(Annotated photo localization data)

- - -

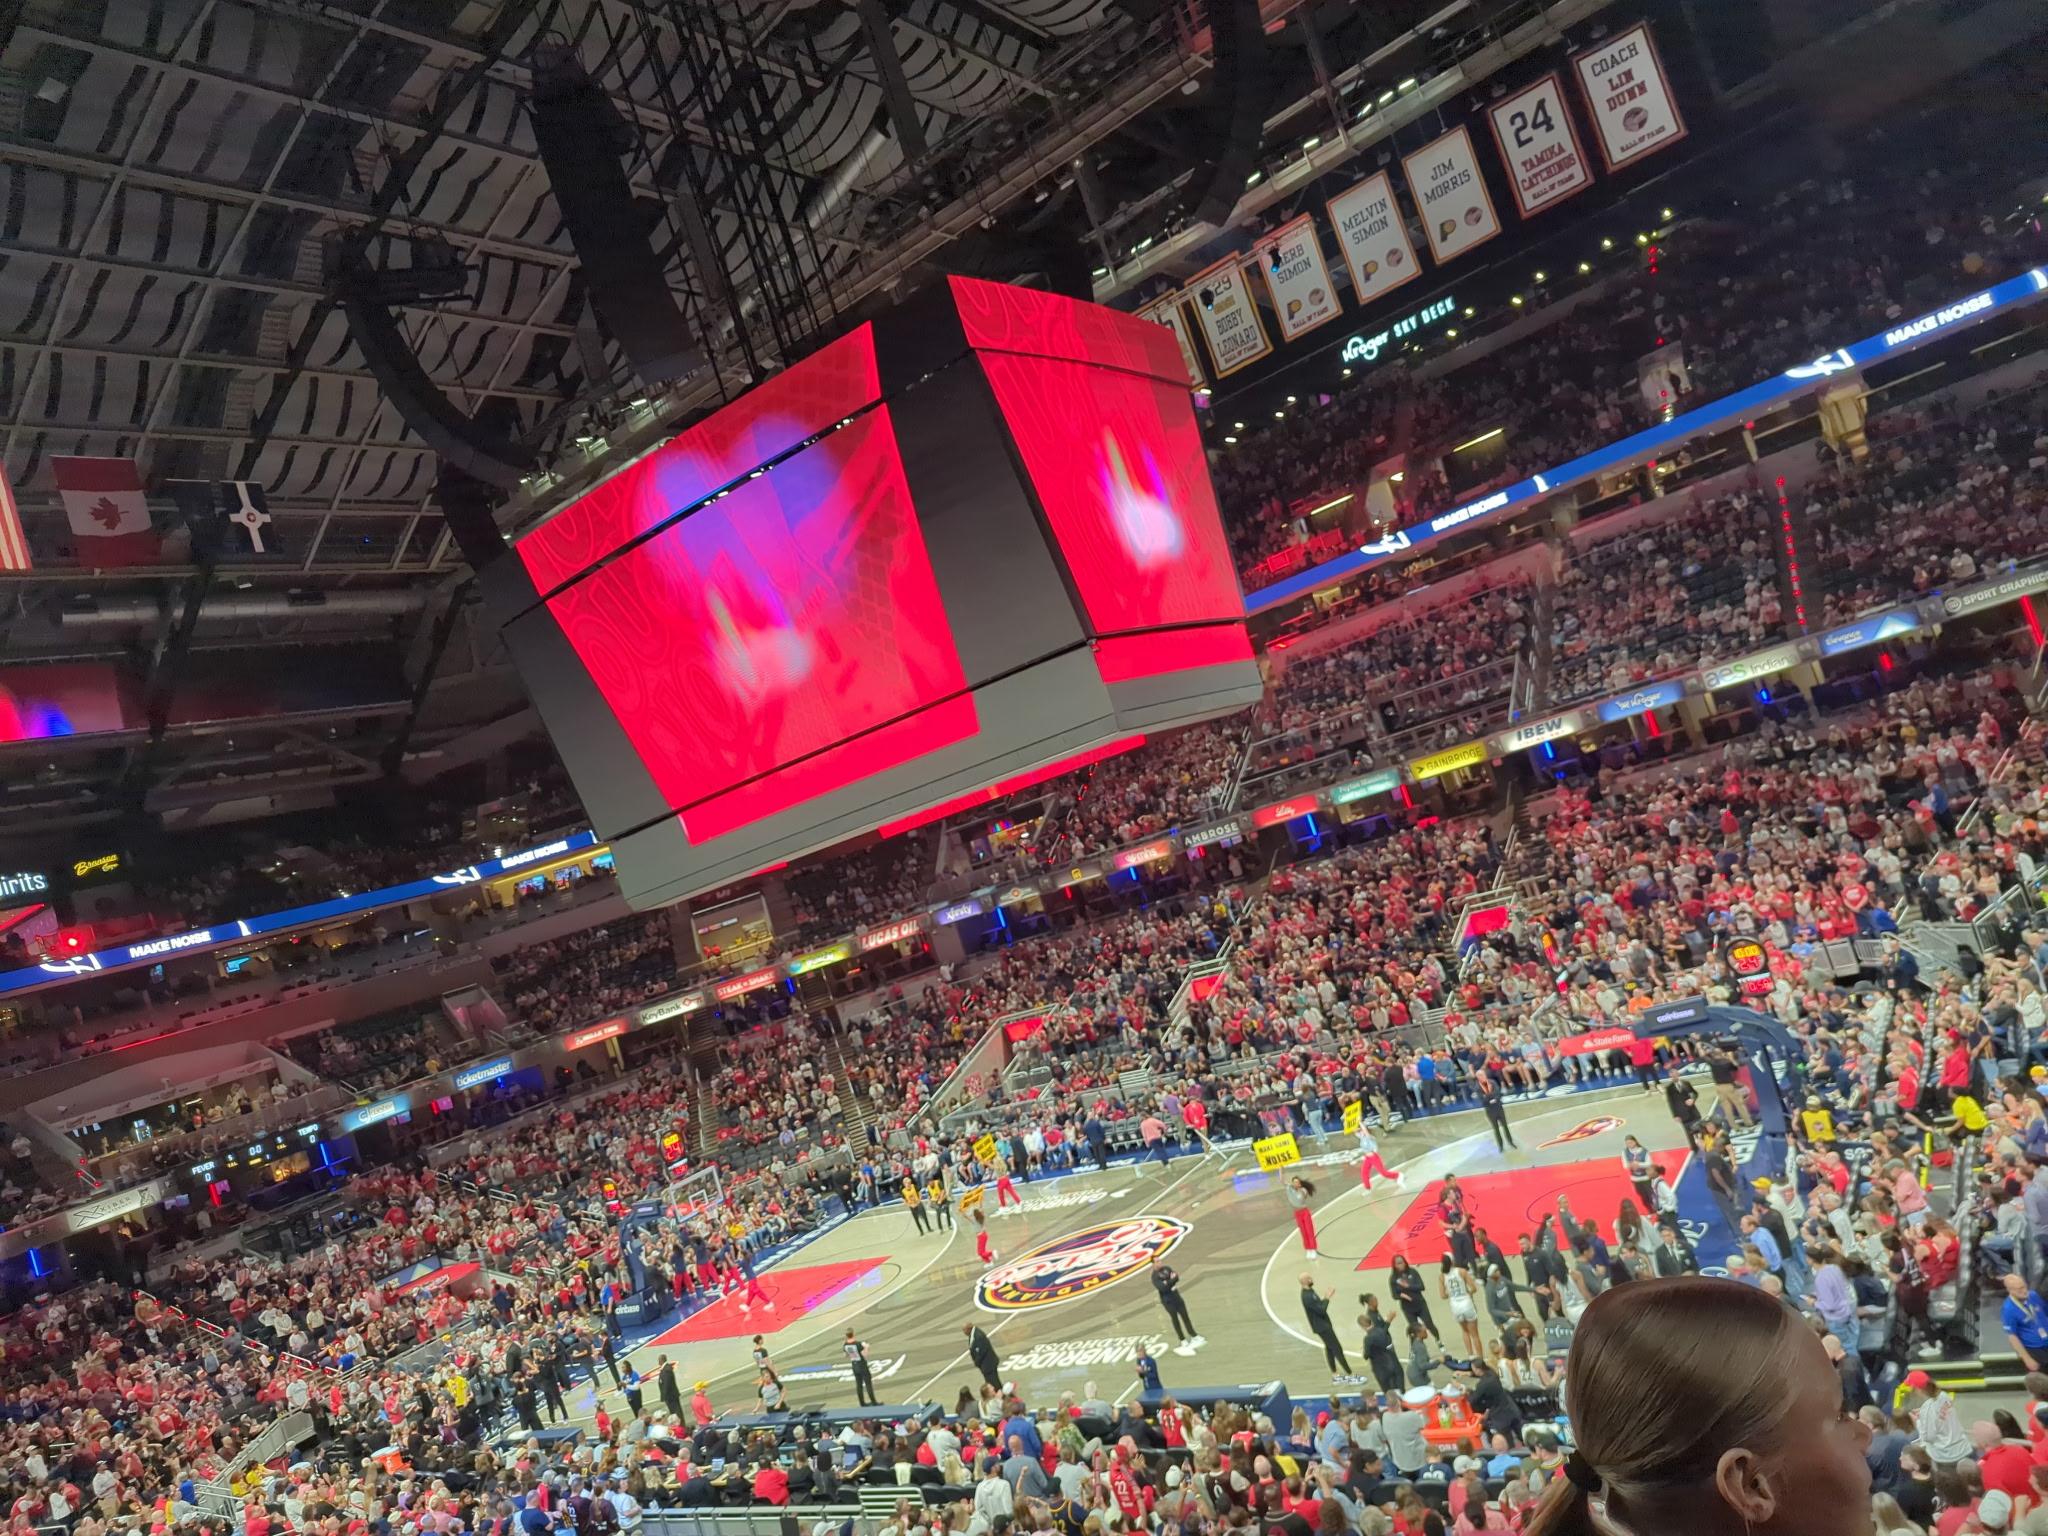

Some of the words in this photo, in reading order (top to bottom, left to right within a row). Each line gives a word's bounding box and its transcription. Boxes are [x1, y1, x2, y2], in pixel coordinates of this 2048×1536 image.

[1590, 41, 1640, 77] COACH
[1608, 68, 1634, 91] LIN
[1606, 80, 1648, 112] DUNN
[1509, 98, 1555, 148] 24
[1430, 158, 1455, 181] JIM
[1521, 142, 1566, 172] TAMIKA
[1423, 169, 1471, 204] MORRIS
[1341, 198, 1388, 232] MELVIN
[1351, 216, 1389, 245] SIMON
[1276, 256, 1312, 284] SIMON
[1215, 308, 1244, 336] BOBBY
[1342, 330, 1390, 362] Kroger
[1393, 314, 1418, 338] SKY
[1421, 296, 1456, 324] DECK
[1885, 314, 1938, 346] MAKE
[1939, 292, 1993, 326] NOISE
[1217, 325, 1258, 357] LEONARD
[1963, 587, 1998, 606] SPORT
[1704, 662, 1747, 689] aes
[1516, 717, 1563, 742] IBEW
[1426, 747, 1483, 771] GAINBRIDGE
[1184, 821, 1240, 847] AMBROSE
[0, 873, 46, 897] irits
[129, 939, 170, 959] MAKE
[171, 931, 212, 949] NOISE
[862, 926, 899, 949] LUCAS
[900, 919, 920, 937] OIL
[641, 1003, 682, 1022] KeyBank
[455, 1060, 511, 1086] ticketmaster
[192, 1161, 215, 1176] FEVER
[1265, 1150, 1293, 1166] NOISE

- - -

Your goal — Would you copy each line above exactly as given, dropping any images?

Written answer —
Some of the words in this photo, in reading order (top to bottom, left to right within a row). Each line gives a word's bounding box and its transcription. Boxes are [x1, y1, x2, y2], in pixel coordinates of this 2048×1536 image.

[1590, 41, 1640, 77] COACH
[1608, 68, 1634, 91] LIN
[1606, 80, 1648, 112] DUNN
[1509, 98, 1555, 148] 24
[1430, 158, 1455, 181] JIM
[1521, 142, 1566, 172] TAMIKA
[1423, 169, 1471, 204] MORRIS
[1341, 198, 1388, 232] MELVIN
[1351, 216, 1389, 245] SIMON
[1276, 256, 1312, 284] SIMON
[1215, 308, 1244, 336] BOBBY
[1342, 330, 1390, 362] Kroger
[1393, 314, 1418, 338] SKY
[1421, 296, 1456, 324] DECK
[1885, 314, 1938, 346] MAKE
[1939, 292, 1993, 326] NOISE
[1217, 325, 1258, 357] LEONARD
[1963, 587, 1998, 606] SPORT
[1704, 662, 1747, 689] aes
[1516, 717, 1563, 742] IBEW
[1426, 747, 1483, 771] GAINBRIDGE
[1184, 821, 1240, 847] AMBROSE
[0, 873, 46, 897] irits
[129, 939, 170, 959] MAKE
[171, 931, 212, 949] NOISE
[862, 926, 899, 949] LUCAS
[900, 919, 920, 937] OIL
[641, 1003, 682, 1022] KeyBank
[455, 1060, 511, 1086] ticketmaster
[192, 1161, 215, 1176] FEVER
[1265, 1150, 1293, 1166] NOISE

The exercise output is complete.